*** Material for the task Section Begins ***

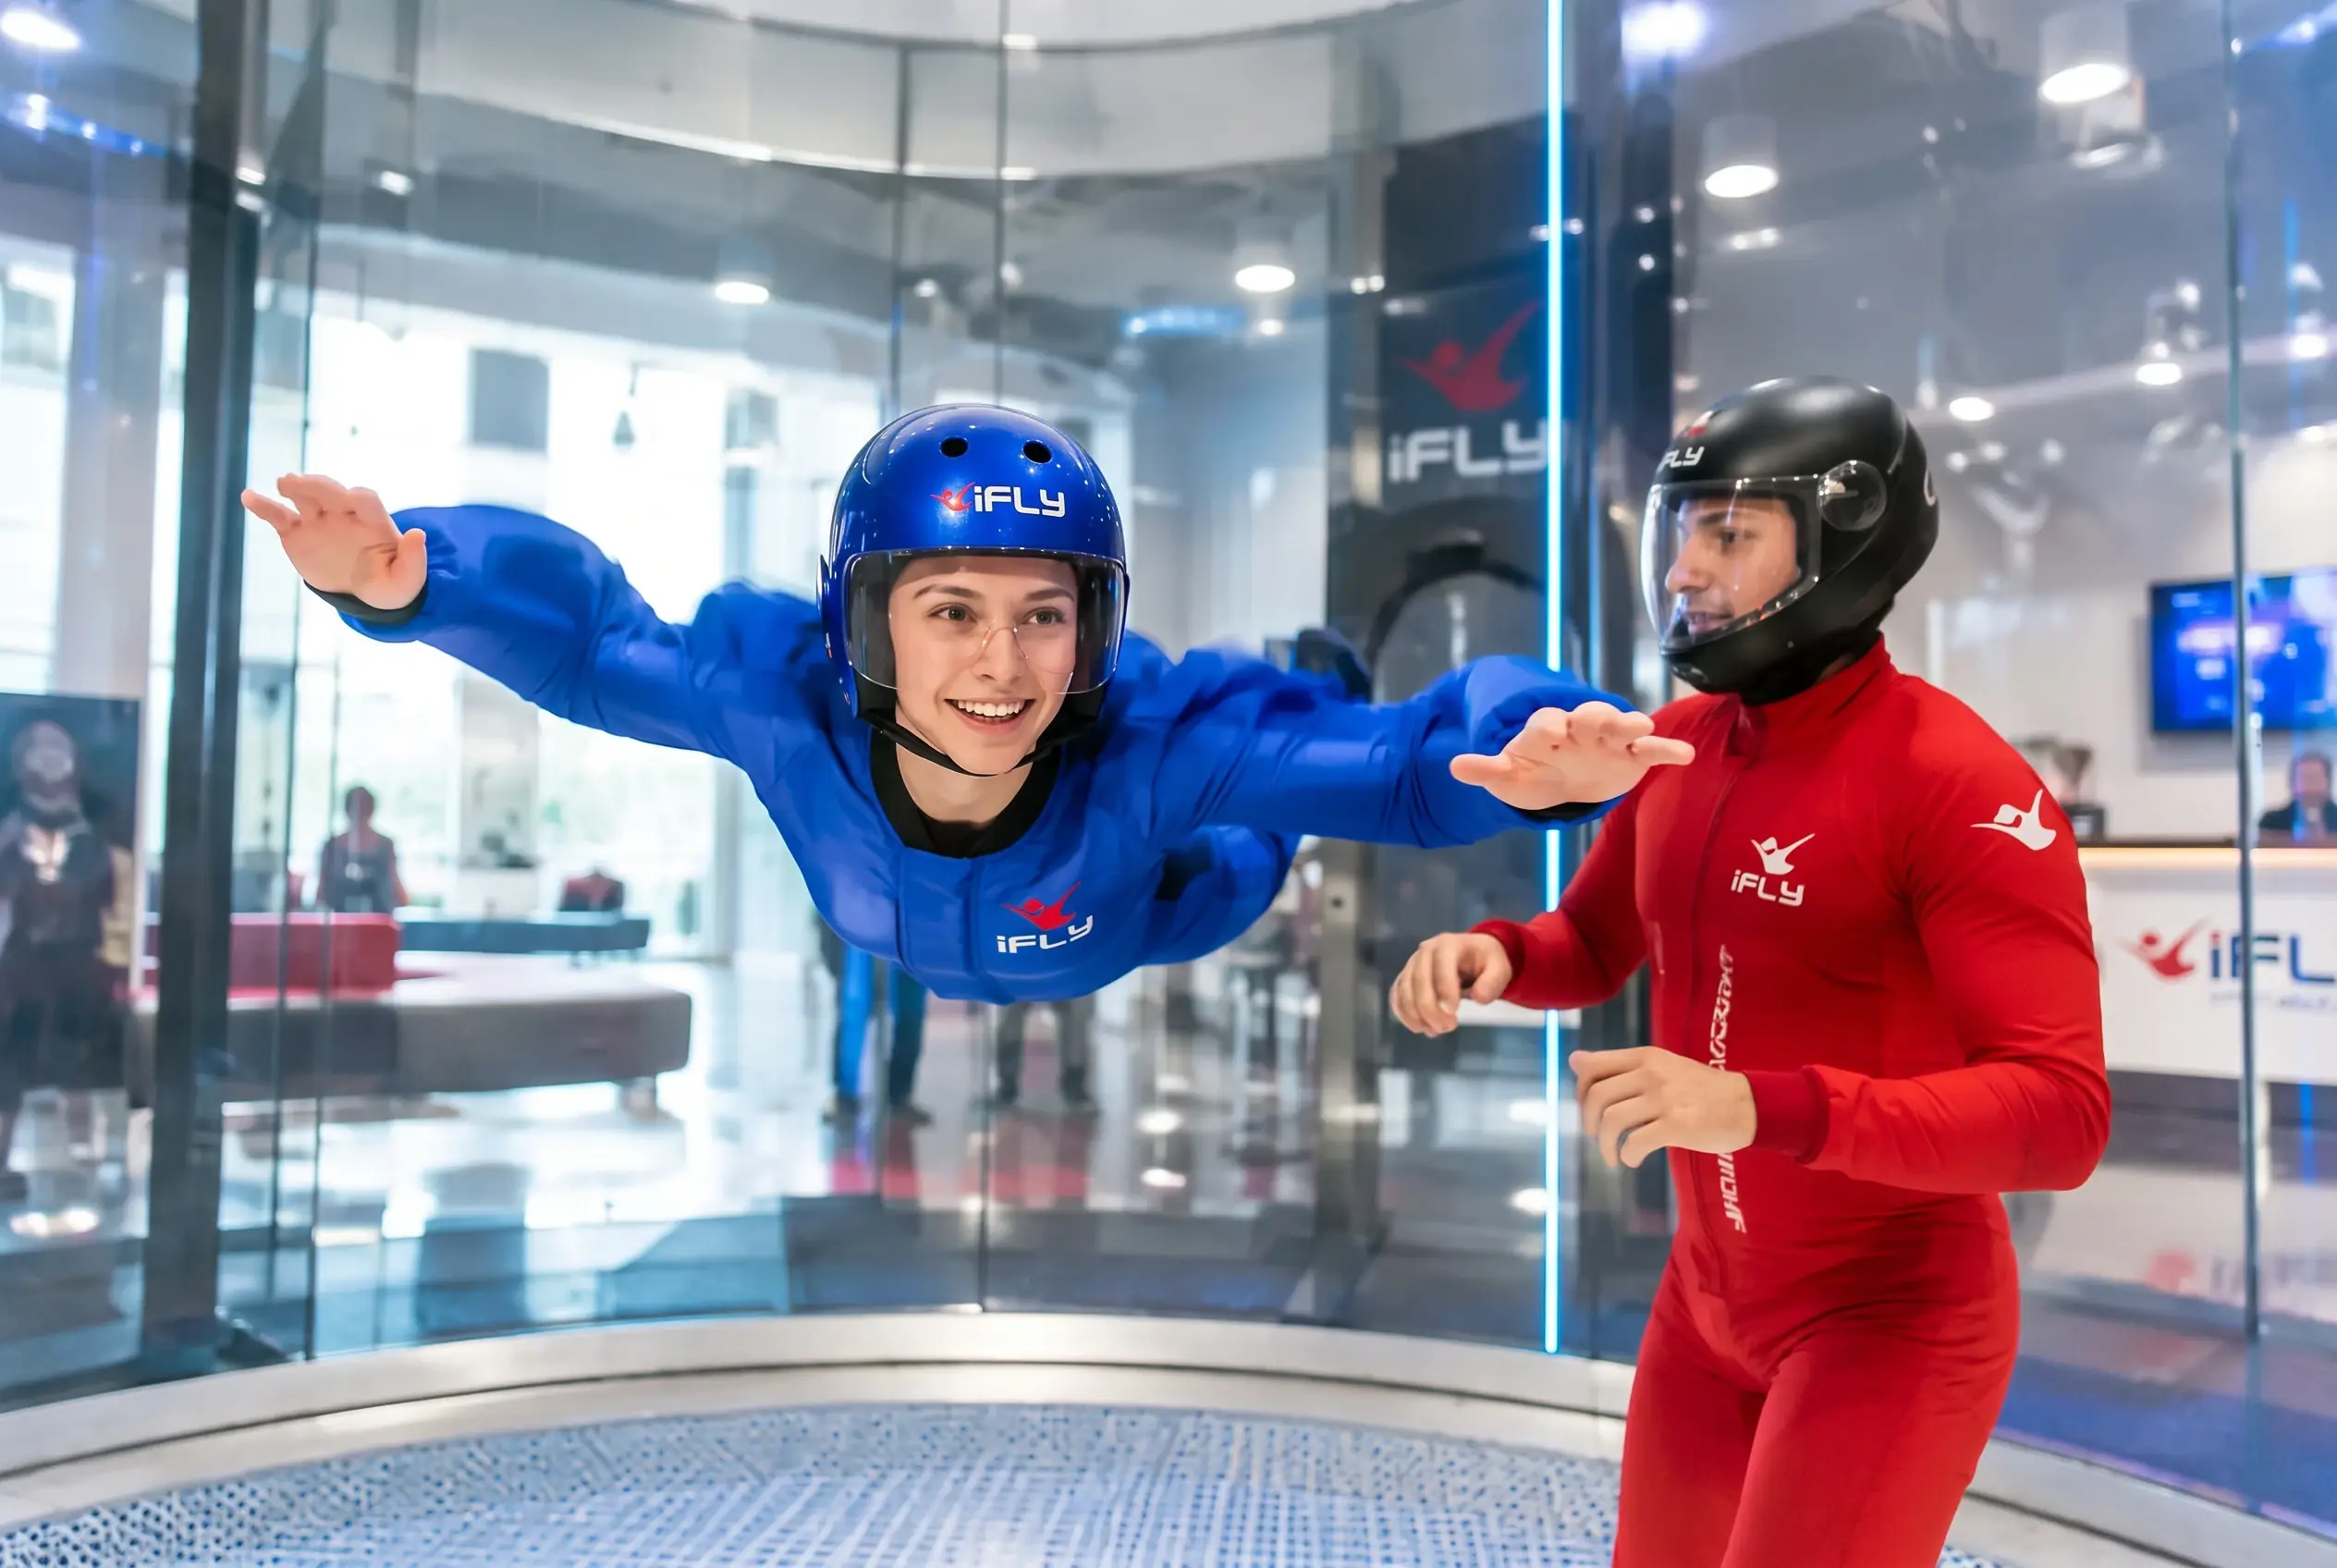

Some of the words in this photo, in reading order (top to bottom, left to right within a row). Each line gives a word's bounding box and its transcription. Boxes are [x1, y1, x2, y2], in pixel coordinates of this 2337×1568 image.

[1389, 420, 1549, 483] iFLY
[1656, 446, 1705, 472] FLY
[973, 485, 1066, 518] iFLY
[1731, 869, 1805, 907] iFLY
[997, 914, 1093, 953] iFLY
[2210, 932, 2336, 983] iFL

*** Material for the task Section Ends ***

*Task item*:
When you retype the data above, match every line exactly and leave the pictures behind.

*Expected answer*:
Some of the words in this photo, in reading order (top to bottom, left to right within a row). Each line gives a word's bounding box and its transcription. Boxes are [x1, y1, x2, y2], in pixel coordinates of this 2337×1568 image.

[1389, 420, 1549, 483] iFLY
[1656, 446, 1705, 472] FLY
[973, 485, 1066, 518] iFLY
[1731, 869, 1805, 907] iFLY
[997, 914, 1093, 953] iFLY
[2210, 932, 2336, 983] iFL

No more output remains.